Это уложение, которое можно назвать законом жизненного соответствия, трактует о том, что организм прочно и жизненно приспособлен к условиям обитания, - и в этом видится законодательная рука популяции. Прочность эта априорно кажется настолько крепкой, что не должно быть места такому процессу, как миграция и транспортировка органического вещества, и организм должен быть навечно закреплён к определённому месту своими связями с окружающим миром. А в действительности именно этим обстоятельством особь выпадает из юрисдикции ведомства популяции, ибо многообразные и непрекращающиеся передвижения, перемещения и переселения исходят из конкретных параметров жилища, а не универсально-безличной популяции. Итак, закон живой жизни Вернадского, закон солидарности Кропоткина, институту жилища Вавилова и закон жизненного соответствия Шмальгаузена связываются в один тугой клубок, который, утверждая индивидуальный фактор особи, отрицает коллективное значение популяции, и наоборот. Но, как это идеологическое качество отвергалось в мичуринской науке, так это же свойство союз философии и естествознания делает недопустимым в научном творчестве, и отсюда исходит идеологическая максима, что, если в основу политической акции, породившей лысенковщину в русской биологии, положена стратегия всеобщей коллективизации, то после осуждения лысенковщины в послевавиловской биологии стратегия подавления личного во имя коллективного осталась в неизменном руководящем положении. Мрачный период русской биологии не стал историческим уроком для послевавиловской биологии , - таков общий философский итог этой грандиозной эпопеи.
А между тем несостоятельность и недостаточность парадигмы популяции в качестве "элементарной эволюирующей единицы" становились всё более актуальной для СТЭ. Стимулятором здесь послужило открытие двойной спирали ДНК (дезоксирибонуклеиновой кислоты), которая на тот момент выступала полномочным представителем самобытного достоинства единичной особи в органическом мире.
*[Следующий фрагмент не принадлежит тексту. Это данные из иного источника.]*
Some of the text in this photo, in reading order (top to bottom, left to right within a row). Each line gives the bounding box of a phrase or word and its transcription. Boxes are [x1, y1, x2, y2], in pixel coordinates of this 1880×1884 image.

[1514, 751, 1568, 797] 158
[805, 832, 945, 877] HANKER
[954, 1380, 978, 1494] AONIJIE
Вавилов же задолго до открытия ДНК понимал, что "Развитие теоретической генетики всё более и более приходит к учению о целостном организме, хотя и на новой основе"(1965, сю28). Гениальному учёному, увы, не было дано научно раскрыть "новую основу" и этим биологическое побоище в СССР нанесло огромный урон мировой науке. Мировая биологическая мысль застыла на точке, где признавалась доктринальная неудовлетворённость популяции, но отказывалось в переводе на позицию отдельной особи из опасения вернуться назад - к организмоцентрическому воззрению Ламарка. Однако сам когнитивный дух вавиловского постижения самочинно глаголет, что в "новую основу" включается биологическая особь, но не особа ламаркистской формации - существо, вассально подчинённое внешним факторам окружающего мира, а "целостный организм", вооружённый законом живой жизни, тобто способный творить свои обстоятельства жизни, и осенённый потребностями жилища во всём его многообразии. Таким образом, Вавилов звал науку не "назад и вниз" - к ламаркистскому прошлому, а "вперёд и вверх" в будущее, где маячат сигнальные огни русской либеральной науки - ноосфера Вернадского и анархический коммунизм Кропоткина.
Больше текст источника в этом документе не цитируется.